▼

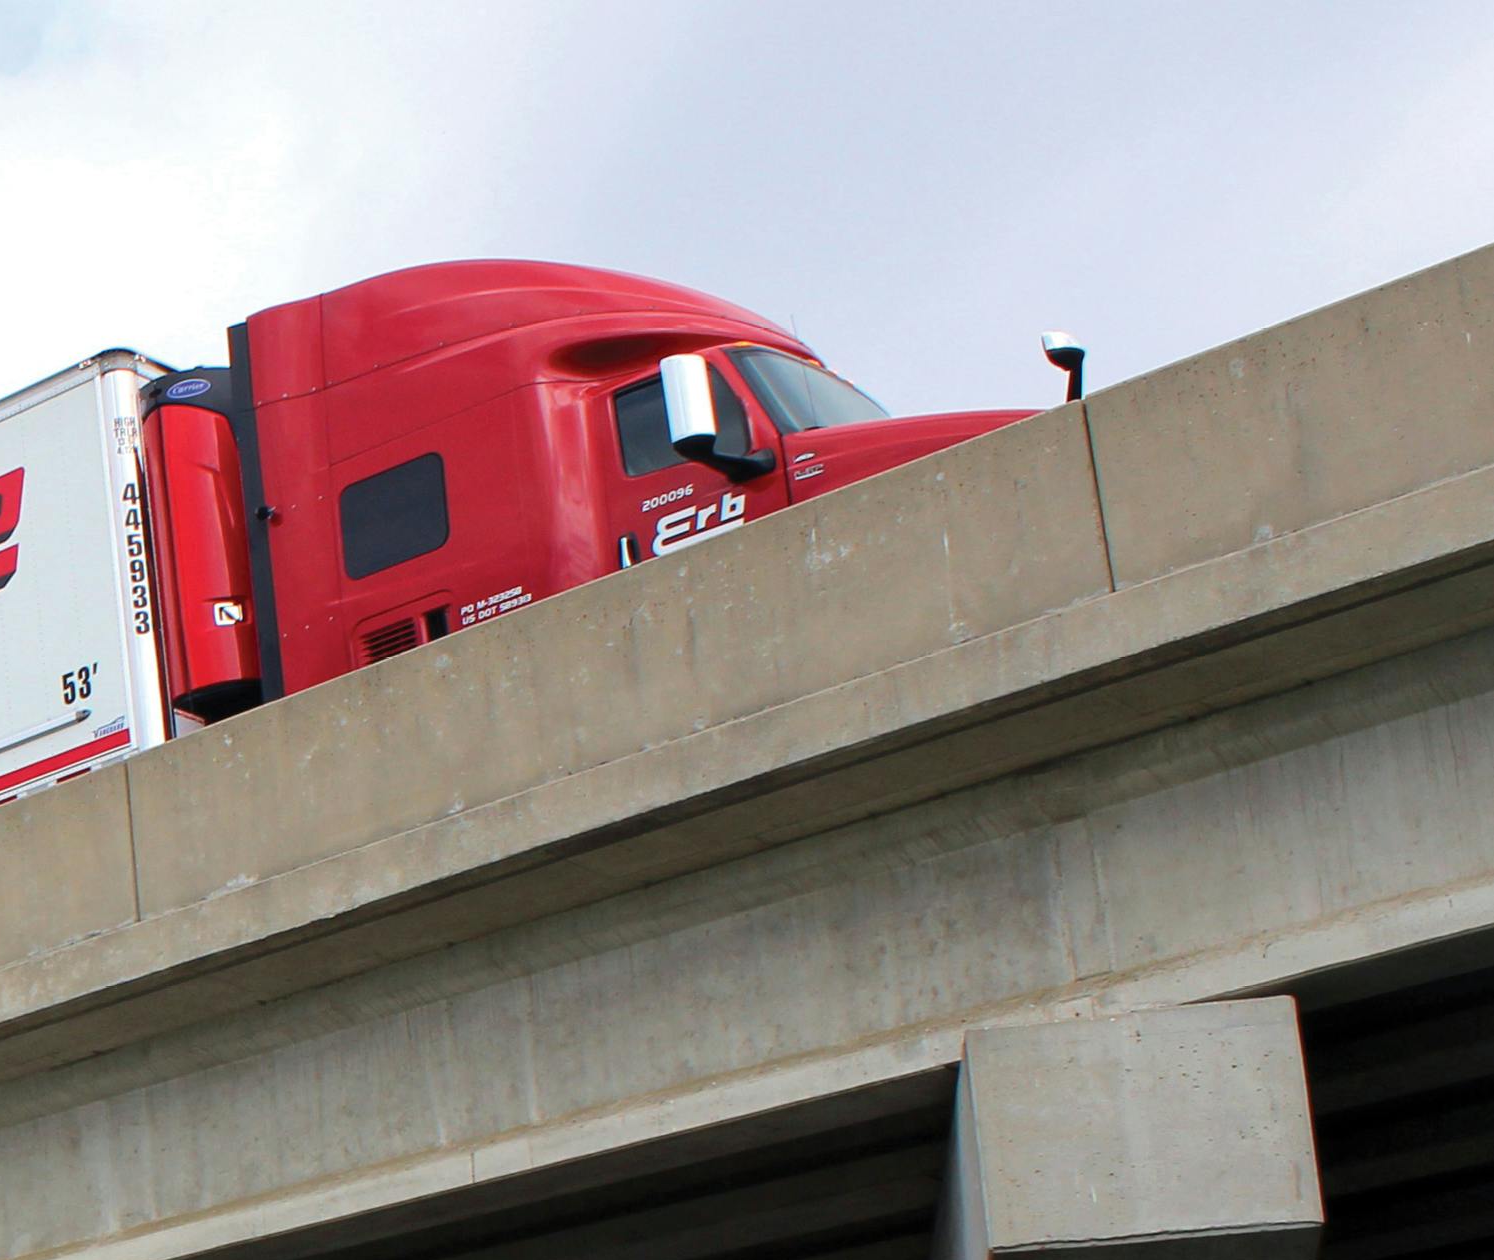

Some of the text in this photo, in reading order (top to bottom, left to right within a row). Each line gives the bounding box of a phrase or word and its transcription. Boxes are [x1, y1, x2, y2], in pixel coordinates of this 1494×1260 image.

[172, 382, 206, 395] Carrier
[641, 483, 694, 512] 200096
[652, 492, 746, 557] Erb
[122, 483, 150, 634] 445933
[462, 614, 476, 625] US
[478, 606, 498, 619] DOT
[62, 662, 98, 705] 53'
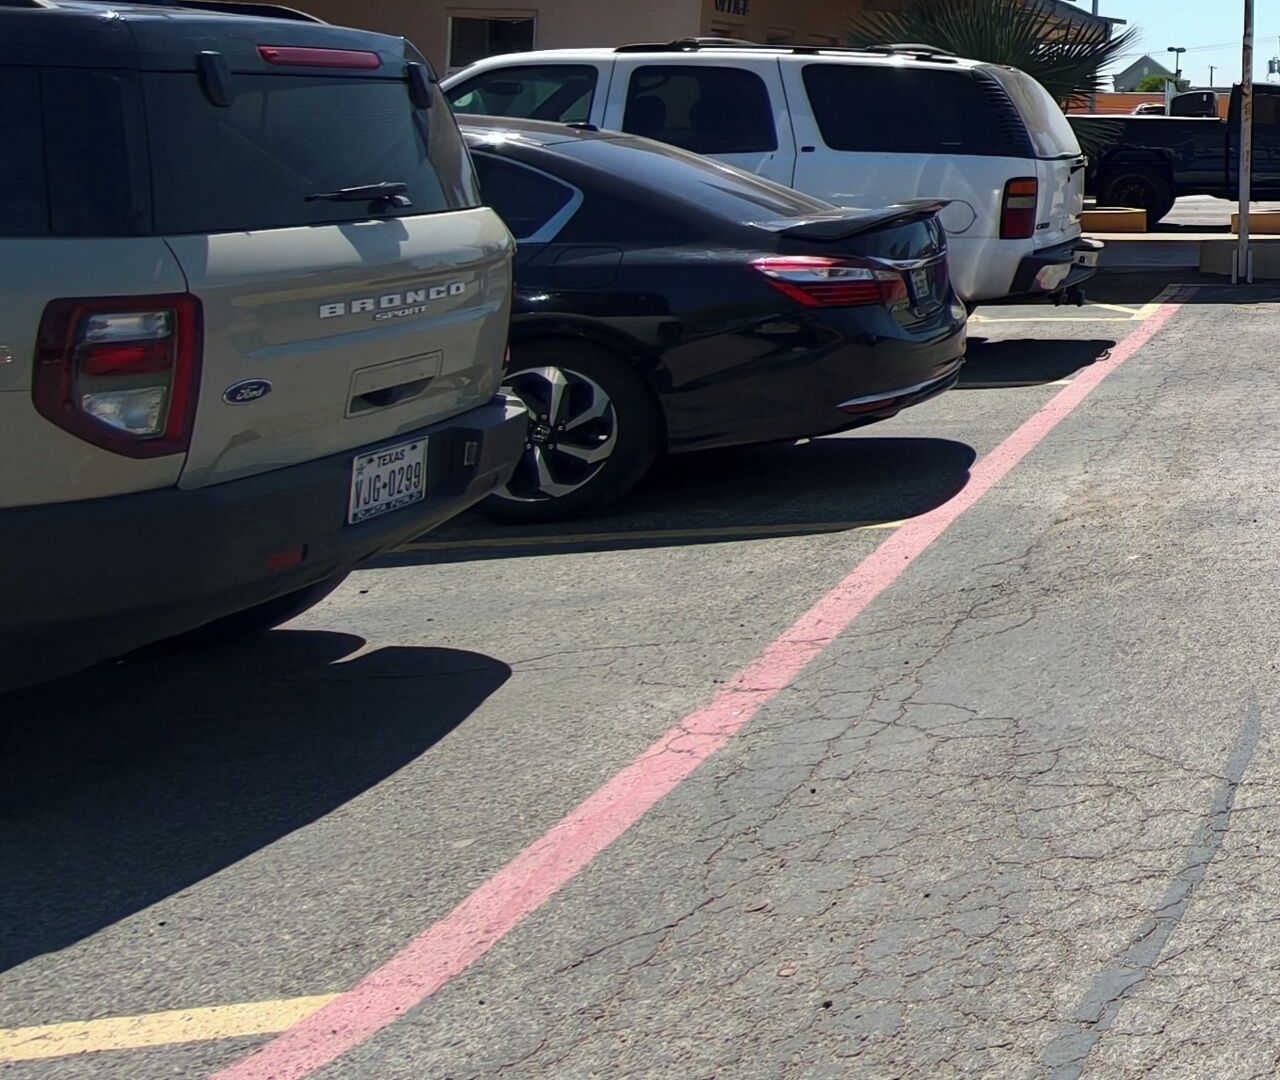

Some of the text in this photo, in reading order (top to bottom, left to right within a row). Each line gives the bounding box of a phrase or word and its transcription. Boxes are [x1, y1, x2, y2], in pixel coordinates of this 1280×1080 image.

[319, 281, 466, 318] BRONCO
[375, 304, 427, 321] SPORT
[376, 449, 406, 468] TEXAS
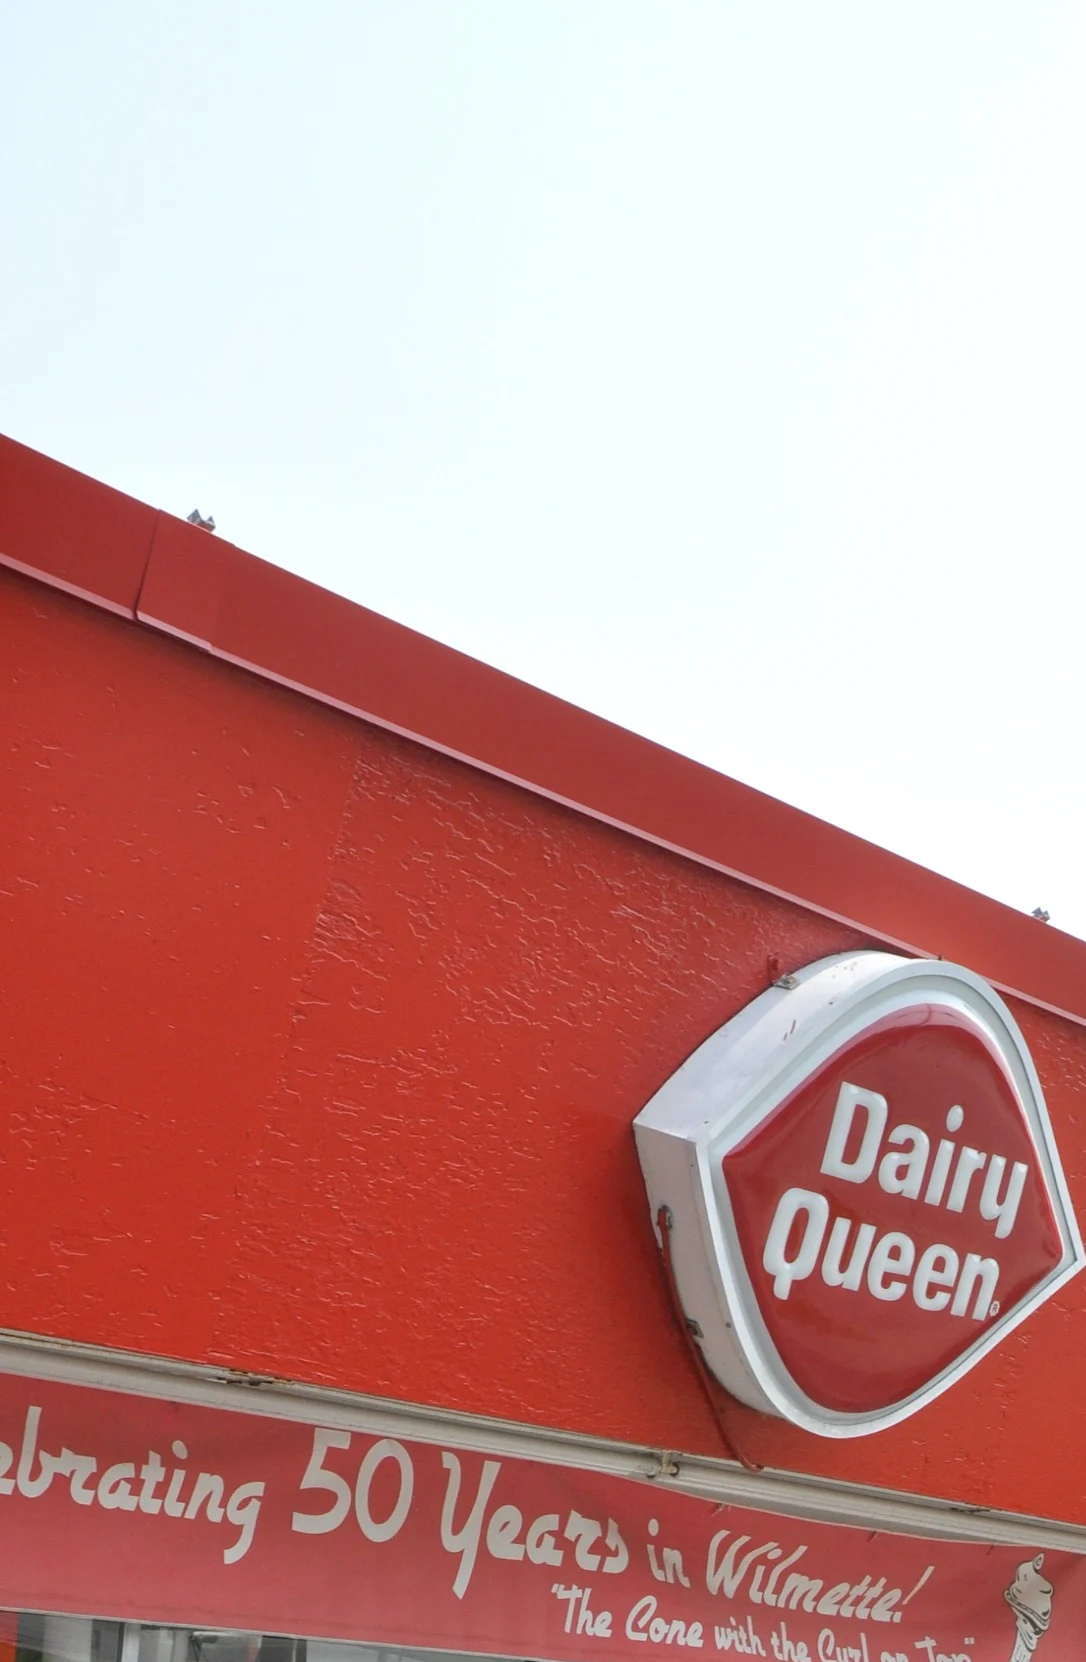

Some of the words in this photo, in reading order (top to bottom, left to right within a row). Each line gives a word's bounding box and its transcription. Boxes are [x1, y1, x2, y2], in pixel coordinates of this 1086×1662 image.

[821, 1080, 1029, 1239] Dairy
[762, 1187, 1000, 1322] Queen
[292, 1427, 414, 1543] 50
[441, 1451, 629, 1600] Years
[647, 1519, 690, 1588] in
[705, 1529, 934, 1624] Wilmette!
[551, 1583, 613, 1638] "The
[625, 1595, 704, 1648] Cone
[714, 1615, 767, 1657] with
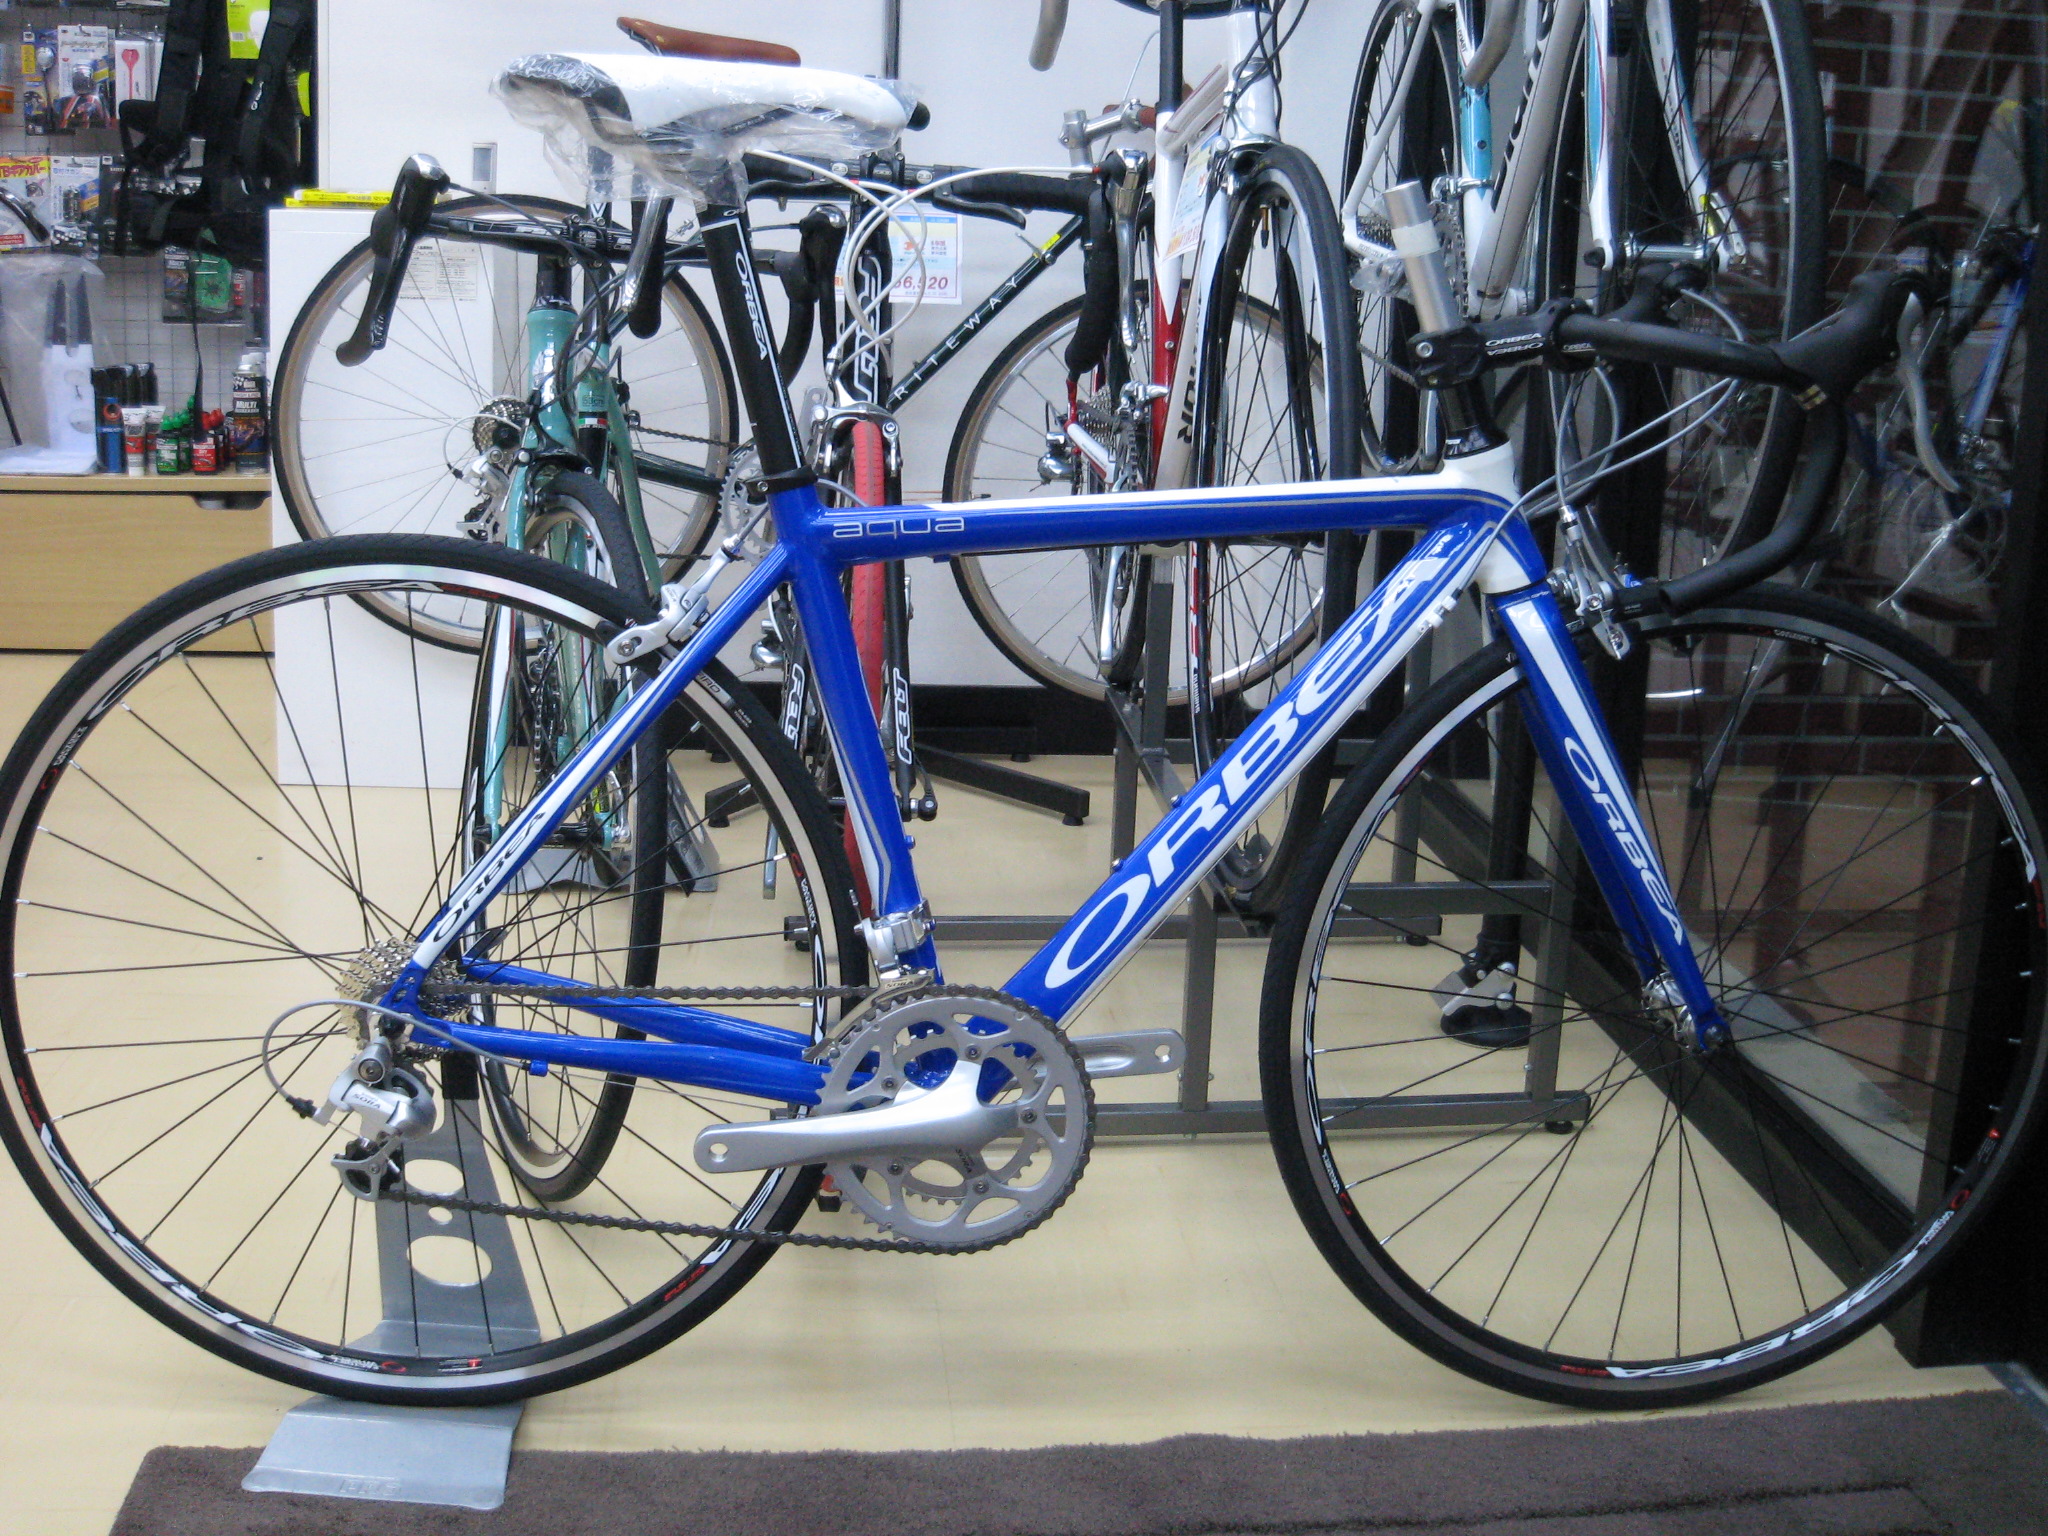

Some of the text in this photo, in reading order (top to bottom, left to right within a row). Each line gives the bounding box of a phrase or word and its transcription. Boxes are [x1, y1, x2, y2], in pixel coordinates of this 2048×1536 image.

[735, 251, 768, 361] ORBEA
[894, 276, 1019, 401] RITEWAY
[1485, 332, 1543, 347] ORBEA
[832, 516, 965, 540] aqua
[88, 579, 444, 721] ORBEA
[892, 667, 914, 765] FELT
[1045, 556, 1450, 989] ORBEA
[1825, 641, 2038, 883] ORBEA
[433, 812, 546, 943] ORBEA
[1563, 736, 1683, 946] ORBEA
[1605, 1249, 1919, 1379] ORBEA

▲

▶ WORK TASK
Except for the pictures, the whole listing above should be transcribed exactly.

▶ SOLUTION FOR THIS TASK
Some of the text in this photo, in reading order (top to bottom, left to right within a row). Each line gives the bounding box of a phrase or word and its transcription. Boxes are [x1, y1, x2, y2], in pixel coordinates of this 1494×1260 image.

[172, 382, 206, 395] Carrier
[641, 483, 694, 512] 200096
[652, 492, 746, 557] Erb
[122, 483, 150, 634] 445933
[462, 614, 476, 625] US
[478, 606, 498, 619] DOT
[62, 662, 98, 705] 53'

Some of the text in this photo, in reading order (top to bottom, left to right within a row). Each line gives the bounding box of a phrase or word and its transcription. Boxes are [x1, y1, x2, y2], in pixel coordinates of this 1280×1080 image.

[319, 281, 466, 318] BRONCO
[375, 304, 427, 321] SPORT
[376, 449, 406, 468] TEXAS

Some of the words in this photo, in reading order (top to bottom, left to right within a row). Each line gives a word's bounding box and its transcription. Boxes are [x1, y1, x2, y2], in pixel coordinates of this 1086×1662 image.

[821, 1080, 1029, 1239] Dairy
[762, 1187, 1000, 1322] Queen
[292, 1427, 414, 1543] 50
[441, 1451, 629, 1600] Years
[647, 1519, 690, 1588] in
[705, 1529, 934, 1624] Wilmette!
[551, 1583, 613, 1638] "The
[625, 1595, 704, 1648] Cone
[714, 1615, 767, 1657] with

Some of the text in this photo, in reading order (top to bottom, left to right within a row). Each line gives the bounding box of a phrase or word and its transcription. Boxes are [x1, y1, x2, y2], in pixel coordinates of this 2048×1536 image.

[735, 251, 768, 361] ORBEA
[894, 276, 1019, 401] RITEWAY
[1485, 332, 1543, 347] ORBEA
[832, 516, 965, 540] aqua
[88, 579, 444, 721] ORBEA
[892, 667, 914, 765] FELT
[1045, 556, 1450, 989] ORBEA
[1825, 641, 2038, 883] ORBEA
[433, 812, 546, 943] ORBEA
[1563, 736, 1683, 946] ORBEA
[1605, 1249, 1919, 1379] ORBEA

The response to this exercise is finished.